Clinical utility of serodiagnostic testing in pediatric inflammatory bowel diseaseDarja Urlep Žužej
, Jernej Dolinšek
, 2006, original scientific article
Abstract: Background: Among children and adolescents, the diagnosis of inflammatory bowel disease (IBD) is often missed or delayed because of the nonspecific nature of the clinical symptoms. In such instances noninvasive and accurate diagnostic tests that would accurately distinguish IBD from functional disorders would be most valuable to clinicians. Several serological markers have been used as non-invasive diagnostic tools in IBD pediatric patients. The aim of our study was to determine the prevalence and diagnostic accuracy of perinuclear antineutrophil cytoplasmic antibodies (p-ANCA), anti-Saccharomyces cerevisiae antibodies (ASCA), anti-exocrine pancreatic antibodies (PAB) and anti-goblet cells antibodies (GAB) alone and in combination in children and adolescents with IBD.
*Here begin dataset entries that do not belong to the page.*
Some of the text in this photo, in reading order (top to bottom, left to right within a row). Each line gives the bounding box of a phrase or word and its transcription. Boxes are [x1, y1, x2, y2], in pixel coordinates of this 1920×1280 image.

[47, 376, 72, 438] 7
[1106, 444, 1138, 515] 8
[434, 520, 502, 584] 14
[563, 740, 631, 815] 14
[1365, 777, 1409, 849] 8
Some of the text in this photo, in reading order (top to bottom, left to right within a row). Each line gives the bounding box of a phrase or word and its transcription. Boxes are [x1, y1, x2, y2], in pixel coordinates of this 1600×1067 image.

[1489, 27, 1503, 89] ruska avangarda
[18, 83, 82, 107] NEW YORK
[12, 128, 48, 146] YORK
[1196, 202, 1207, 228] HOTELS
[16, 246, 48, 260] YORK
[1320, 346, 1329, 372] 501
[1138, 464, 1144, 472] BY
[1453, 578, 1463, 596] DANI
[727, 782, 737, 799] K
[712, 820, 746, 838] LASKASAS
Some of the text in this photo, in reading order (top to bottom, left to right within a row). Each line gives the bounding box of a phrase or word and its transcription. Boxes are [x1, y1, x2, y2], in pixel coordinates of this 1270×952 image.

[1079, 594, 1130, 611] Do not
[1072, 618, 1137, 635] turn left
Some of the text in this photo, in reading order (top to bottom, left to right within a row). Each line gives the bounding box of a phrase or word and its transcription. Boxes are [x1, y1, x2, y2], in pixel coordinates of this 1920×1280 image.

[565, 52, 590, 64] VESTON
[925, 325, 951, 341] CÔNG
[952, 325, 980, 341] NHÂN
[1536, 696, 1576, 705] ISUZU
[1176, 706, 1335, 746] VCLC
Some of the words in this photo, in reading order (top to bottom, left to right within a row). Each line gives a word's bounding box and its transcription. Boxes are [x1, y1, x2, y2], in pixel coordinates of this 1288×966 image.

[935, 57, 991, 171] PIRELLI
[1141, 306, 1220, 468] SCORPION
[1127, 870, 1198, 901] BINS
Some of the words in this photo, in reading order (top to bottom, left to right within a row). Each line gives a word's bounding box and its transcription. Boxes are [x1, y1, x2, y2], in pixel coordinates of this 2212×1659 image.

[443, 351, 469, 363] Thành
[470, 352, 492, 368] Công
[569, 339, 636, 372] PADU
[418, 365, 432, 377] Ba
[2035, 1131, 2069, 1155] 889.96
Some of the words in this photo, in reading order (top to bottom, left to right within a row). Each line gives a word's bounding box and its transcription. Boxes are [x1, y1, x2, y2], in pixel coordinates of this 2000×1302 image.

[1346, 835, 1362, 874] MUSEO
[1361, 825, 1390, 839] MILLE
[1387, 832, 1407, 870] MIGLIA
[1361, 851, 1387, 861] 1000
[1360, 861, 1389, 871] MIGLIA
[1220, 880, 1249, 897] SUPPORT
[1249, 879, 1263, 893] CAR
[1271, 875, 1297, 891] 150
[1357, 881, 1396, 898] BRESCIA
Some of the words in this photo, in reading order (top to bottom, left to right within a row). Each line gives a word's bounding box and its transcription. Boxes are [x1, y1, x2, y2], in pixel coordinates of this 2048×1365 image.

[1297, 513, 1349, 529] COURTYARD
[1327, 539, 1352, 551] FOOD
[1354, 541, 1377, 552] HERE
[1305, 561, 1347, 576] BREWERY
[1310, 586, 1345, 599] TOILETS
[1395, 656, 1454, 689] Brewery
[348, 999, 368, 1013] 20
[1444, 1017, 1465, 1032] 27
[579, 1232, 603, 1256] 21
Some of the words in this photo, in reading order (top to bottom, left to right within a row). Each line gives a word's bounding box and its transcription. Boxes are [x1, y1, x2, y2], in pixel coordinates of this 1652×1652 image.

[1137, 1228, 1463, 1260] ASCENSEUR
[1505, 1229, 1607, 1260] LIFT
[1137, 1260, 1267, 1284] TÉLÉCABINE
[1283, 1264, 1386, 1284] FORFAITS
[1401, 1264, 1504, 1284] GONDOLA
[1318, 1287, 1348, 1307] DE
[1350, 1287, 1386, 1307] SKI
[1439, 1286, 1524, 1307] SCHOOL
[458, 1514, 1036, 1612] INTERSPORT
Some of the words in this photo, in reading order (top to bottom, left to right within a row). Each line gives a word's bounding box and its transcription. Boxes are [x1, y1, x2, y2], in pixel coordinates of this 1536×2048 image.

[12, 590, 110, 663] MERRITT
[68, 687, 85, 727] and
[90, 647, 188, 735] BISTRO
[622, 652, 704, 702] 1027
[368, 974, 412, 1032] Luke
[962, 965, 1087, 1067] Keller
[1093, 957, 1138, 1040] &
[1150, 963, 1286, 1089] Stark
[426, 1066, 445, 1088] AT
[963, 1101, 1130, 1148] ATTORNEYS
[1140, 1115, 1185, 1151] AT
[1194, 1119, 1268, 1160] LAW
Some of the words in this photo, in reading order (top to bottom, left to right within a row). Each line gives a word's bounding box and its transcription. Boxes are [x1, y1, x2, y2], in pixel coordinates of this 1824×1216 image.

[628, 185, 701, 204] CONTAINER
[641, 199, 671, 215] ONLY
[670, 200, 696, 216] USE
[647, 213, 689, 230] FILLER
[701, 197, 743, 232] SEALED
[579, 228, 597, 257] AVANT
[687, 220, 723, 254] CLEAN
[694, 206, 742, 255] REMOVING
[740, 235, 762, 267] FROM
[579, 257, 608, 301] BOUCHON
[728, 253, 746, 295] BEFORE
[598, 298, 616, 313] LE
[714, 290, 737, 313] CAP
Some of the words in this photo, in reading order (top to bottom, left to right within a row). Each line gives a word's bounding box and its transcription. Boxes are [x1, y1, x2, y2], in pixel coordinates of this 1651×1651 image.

Patients and methods: Serum specimens were analyzed for p-ANCA, ASCA IgG, ASCA IgA, PAB and GAB antibodies in 49 children and adolescents with confirmed IBD and 53 non-IBD controls. P-ANCA, PAB and GAB antibodies were determined by indirect immunofluorescent test and ASCA by enzyme-linked immunosorbent assay. All patients with Crohn's disease (CD) had genotyping performed using a sequence specific PCR directed against the wild type and the three principal mutations of NOD2/CARD15 gene. Disease location, body mass index (BMI) and disease activity by pediatric Crohn's disease activity index (PCDAI) at the time of diagnosis were determined in CD patients.
Results: The prevalence of p-ANCA in patients with UC and ASCA in CD patients was high (82.3 % and 67.9 %, respectively). Positivity for PAB antibodies in CD and GAB in UC was lower (35.7 % and 23.5 %, respectively). Accuracy data (sensitivity, specificity, PPV, NPV, respectively) for differentiating IBD from non-IBD controls were as follows: p-ANCA: 82 %, 100 %, 100 %, 94 %; ASCA IgG: 68 %, 94 %, 86 %, 84 %; ASCA IgA: 54 %, 100 %, 100 %, 80 %; PAB: 36 %, 98 %, 91 %, 74 %; GAB: 23 %, 100 %, 100 %, 80 %. In distinguishing CD from UC we found out the following accuracy data (sensitivity, specificity, PPV, NPV, respectively): p-ANCA: 82 %, 82 %, 74 %, 88 %; ASCA IgG: 68 %, 100 %, 100 %, 65 %; ASCA IgA: 54 %, 100 %, 100 %, 57 %; PAB: 36 %, 100 %, 100 %, 49 %; GAB: 23 %, 100 %, 100 %, 68 %. There were no significant association between ASCA positivity and the three major mutations of NOD2/CARD15 gene, disesase location and family history in CD patients, however an association between BMI and disease activity at the time of diagnosis was found out.
Conclusions: Specificity and positive predictive value of serological markers p-ANCA, ASCA IgG, ASCA IgA, PAB and GAB for IBD alone and in combination are high and which make them useful in diagnosis of inflammatory bowel disease in day-to-day clinical practice, particulary in making decision about performing invasive diagnostic procedures. Because of low sensitivity they are less useful as screening tests for inflammatory bowel disease in pediatric population.
Keywords: serological markers, inflammatory bowel disease, children, adolescents, Crohn’s disease, ulcerative colitis, NOD2/CARD15 mutations
Published: 21.12.2015; Views: 904; Downloads: 42
Full text (128,24 KB)
This document has many files! More...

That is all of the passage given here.